» **INPUT RECORDS**
·····

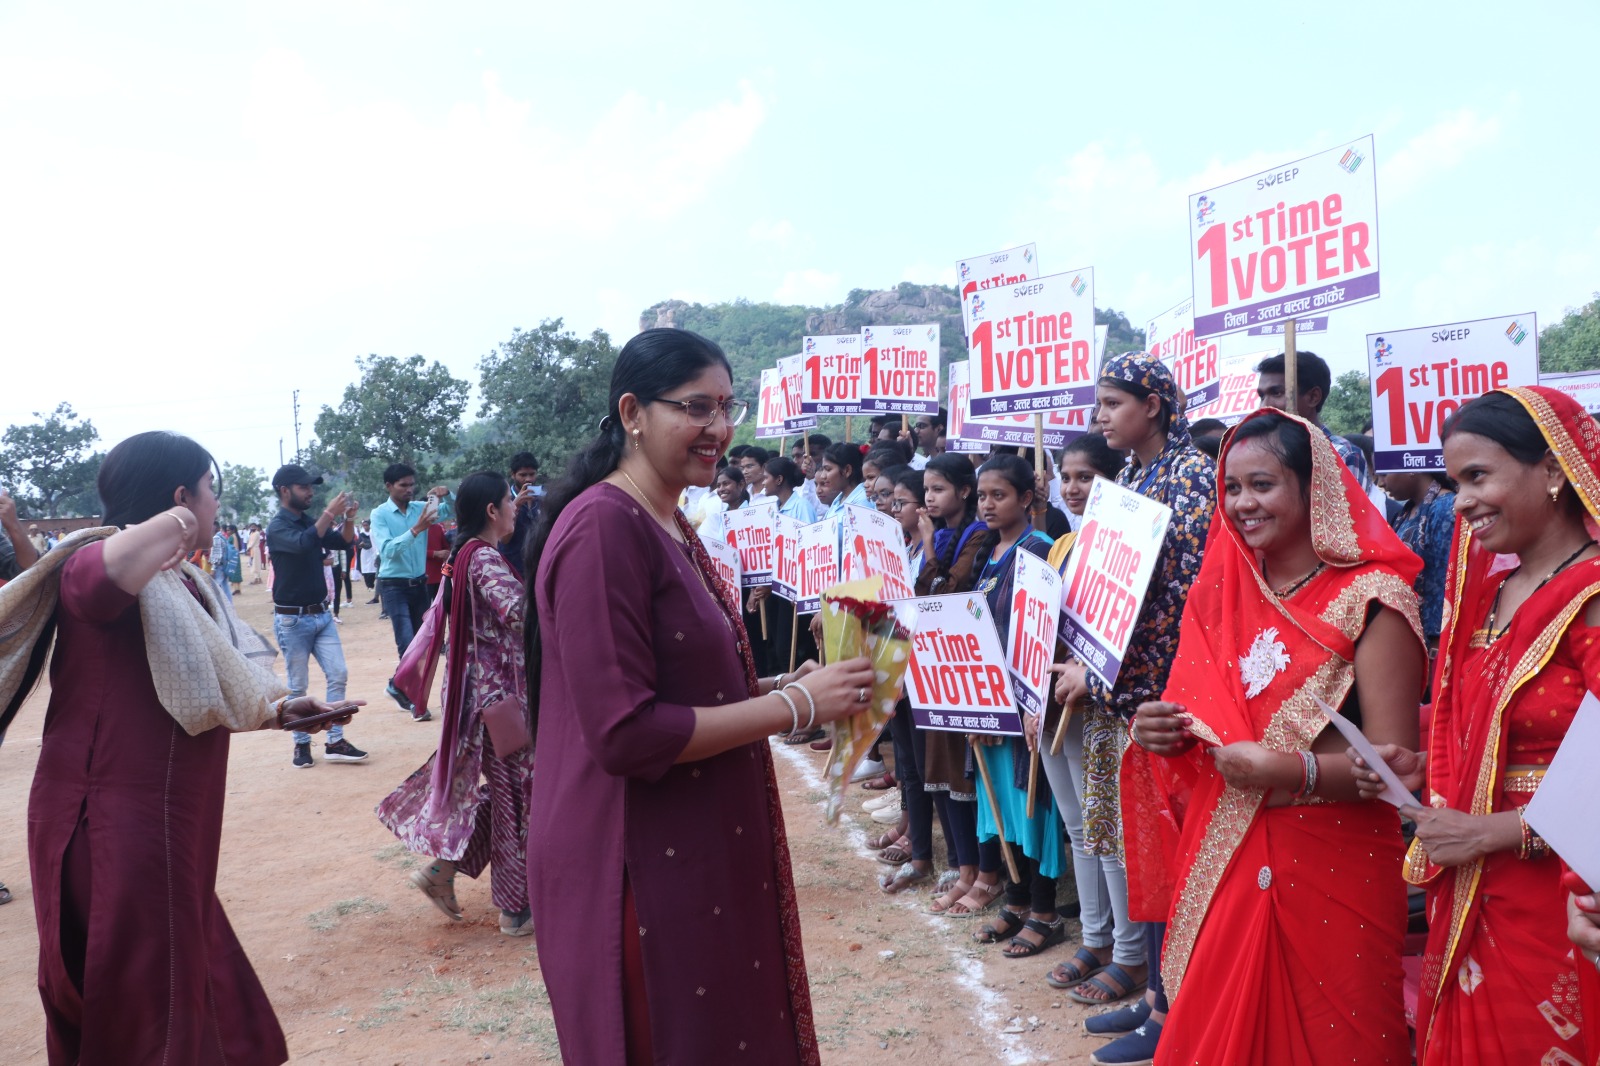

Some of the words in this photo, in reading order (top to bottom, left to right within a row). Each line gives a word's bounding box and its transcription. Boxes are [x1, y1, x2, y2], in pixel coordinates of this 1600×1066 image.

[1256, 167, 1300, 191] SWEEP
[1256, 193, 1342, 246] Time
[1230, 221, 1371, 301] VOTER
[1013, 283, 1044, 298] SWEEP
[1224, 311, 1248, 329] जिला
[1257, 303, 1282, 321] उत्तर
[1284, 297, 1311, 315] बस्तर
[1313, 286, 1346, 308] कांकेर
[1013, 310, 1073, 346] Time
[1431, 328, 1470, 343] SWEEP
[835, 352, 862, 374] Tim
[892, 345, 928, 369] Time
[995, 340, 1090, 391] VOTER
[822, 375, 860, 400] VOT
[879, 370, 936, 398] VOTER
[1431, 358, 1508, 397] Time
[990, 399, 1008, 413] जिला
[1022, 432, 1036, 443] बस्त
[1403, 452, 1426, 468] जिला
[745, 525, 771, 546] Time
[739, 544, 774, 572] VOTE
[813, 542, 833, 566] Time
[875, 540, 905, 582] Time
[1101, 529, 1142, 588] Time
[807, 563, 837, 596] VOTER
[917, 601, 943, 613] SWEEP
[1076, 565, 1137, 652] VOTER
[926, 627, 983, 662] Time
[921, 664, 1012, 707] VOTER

·····

» **WHAT YOU WILL DO**
Please write out all the data again word for word, but not the pictures.

» **SOLUTION BELOW**
Some of the words in this photo, in reading order (top to bottom, left to right within a row). Each line gives a word's bounding box and its transcription. Boxes are [x1, y1, x2, y2], in pixel coordinates of this 1600×1066 image.

[1256, 167, 1300, 191] SWEEP
[1256, 193, 1342, 246] Time
[1230, 221, 1371, 301] VOTER
[1013, 283, 1044, 298] SWEEP
[1224, 311, 1248, 329] जिला
[1257, 303, 1282, 321] उत्तर
[1284, 297, 1311, 315] बस्तर
[1313, 286, 1346, 308] कांकेर
[1013, 310, 1073, 346] Time
[1431, 328, 1470, 343] SWEEP
[835, 352, 862, 374] Tim
[892, 345, 928, 369] Time
[995, 340, 1090, 391] VOTER
[822, 375, 860, 400] VOT
[879, 370, 936, 398] VOTER
[1431, 358, 1508, 397] Time
[990, 399, 1008, 413] जिला
[1022, 432, 1036, 443] बस्त
[1403, 452, 1426, 468] जिला
[745, 525, 771, 546] Time
[739, 544, 774, 572] VOTE
[813, 542, 833, 566] Time
[875, 540, 905, 582] Time
[1101, 529, 1142, 588] Time
[807, 563, 837, 596] VOTER
[917, 601, 943, 613] SWEEP
[1076, 565, 1137, 652] VOTER
[926, 627, 983, 662] Time
[921, 664, 1012, 707] VOTER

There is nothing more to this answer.